Home | Projects | Notes > Operating Systems > Multiprocessor and Multicore Scheduling
New issues arise in scheduling when more than 1 processor or core is available.
Some systems are capable of treating threads (a.k.a. light-weight processes) as individually schedulable units (like processes).
Switching threads incurs less overhead than switching processes.
First, we will review the categories of multiprocessors and types of granularity (concurrent programming). Then we'll review process scheduling options for the moderately concurrent systems (i.e., general purpose operating systems).
Super computer, high-level parallelism and so on are not discussed at this point.
Loosely Coupled (a.k.a. Distributed Multiprocessor or Cluster)
Consists of a collection of relatively autonomous system.
Each processor has its own main memory and I/O channels/devices.
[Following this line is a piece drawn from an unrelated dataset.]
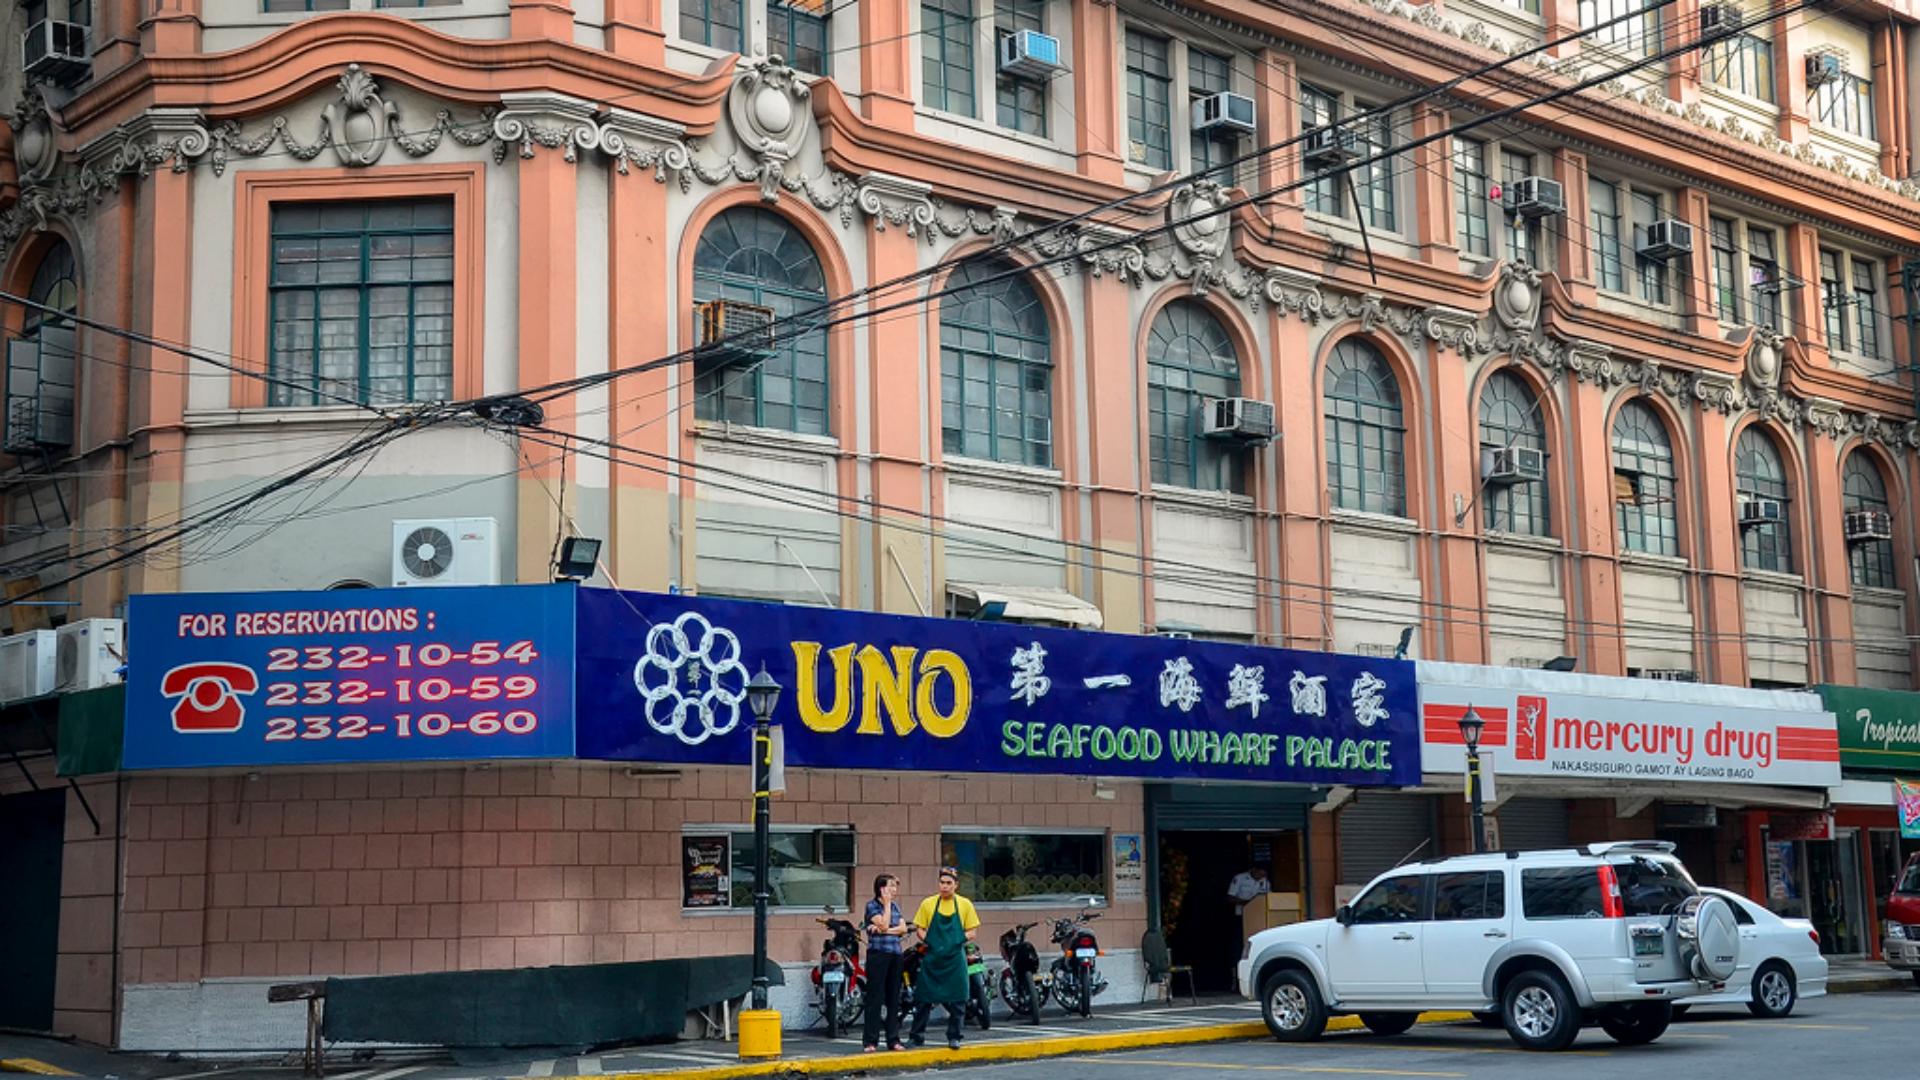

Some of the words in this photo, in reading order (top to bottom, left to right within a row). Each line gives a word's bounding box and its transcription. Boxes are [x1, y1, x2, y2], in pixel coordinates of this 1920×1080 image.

Distributed systems are managed by special purpose distributed operating systems (including cloud systems). This type of OS manages distributed machines as cohesive machines.
Functionally Specialized Processors
Specialized processors are controlled by the main processor and provide services to it.
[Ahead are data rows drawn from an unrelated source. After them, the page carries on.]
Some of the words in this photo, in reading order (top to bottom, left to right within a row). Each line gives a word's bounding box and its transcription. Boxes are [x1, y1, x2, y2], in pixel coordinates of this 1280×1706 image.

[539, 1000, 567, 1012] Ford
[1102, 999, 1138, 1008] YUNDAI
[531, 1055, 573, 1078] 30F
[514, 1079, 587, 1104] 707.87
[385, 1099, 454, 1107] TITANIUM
e.g., I/O processors (disk controller), graphics processors, etc.
Tightly Coupled Multiprocessor
A set of processors that share a common main memory and are under the integrated control of a single operating system.
The OS controls which process runs on which CPU.
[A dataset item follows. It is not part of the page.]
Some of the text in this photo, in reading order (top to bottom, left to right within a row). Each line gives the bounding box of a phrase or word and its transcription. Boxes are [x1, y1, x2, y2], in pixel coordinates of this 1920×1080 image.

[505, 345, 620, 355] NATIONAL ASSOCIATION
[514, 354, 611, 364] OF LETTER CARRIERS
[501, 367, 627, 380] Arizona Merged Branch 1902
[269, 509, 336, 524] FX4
e.g., A motherboard that contains multiple CPUs on it, a chip that contains multiple processor cores, etc.
This section is all about "Tightly Coupled Multiprocessor" system.
A term related to th level of synchronization required to compute parallel tasks. It is also a measure of concurrency in software systems. (How much concurrency is in the software task?)
Grain Size | Description | Synchronization Interval (Instructions) |
---|---|---|
Fine | Parallelism inherent in a single instruction stream | < 20 |
Medium | Parallel processing or multitasking within a single application | 20 - 200 |
Coarse | Multiprocessing of concurrent processes in a multiprogramming environment | 200 - 2000 |
Very Coarse | Distributed processing across network nodes to form a single computing environment | 2000 - 1M |
Independent | Multiple unrelated processes | Not applicable |
Independent Parallelism
There is no explicit synchronization among processes.
Each represents a separate, independent application or job.
This is a typical time-sharing system or general purpose desktop system. (e.g., Windows)
The OS still needs to ensure the mutual exclusion when dealing with the shared resources. (The shared resources problems we've discussed in the uniprocessor system still holds in the multiprocessor system.)
A multiprocessor provides the same services as a multiprogrammed uniprocessor (i.e., You can schedule processes to run, only now you have multiple CPUs.)
Improves average response time to users due to having extra capacity.
Coarse / Very Coarse_Grained Parallelism
There is synchronization among processes, but at a gross level.
Each process is part of a set of concurrent processes, cooperating to perform a task or set of tasks. The OS is making decisions on dispatching processes to CPUs.
Can be used on a multiprocessor system with few or no changes to software that was used in the uniprocessor system.
e.g., Producer and consumer model
If interaction (communication) between processes is very little, then a distributed system can provide the support (e.g., SETI SEARCH)
Medium-Grained Parallelism
A single application can be implemented as a collection of threads (a.k.a. light-weight processes).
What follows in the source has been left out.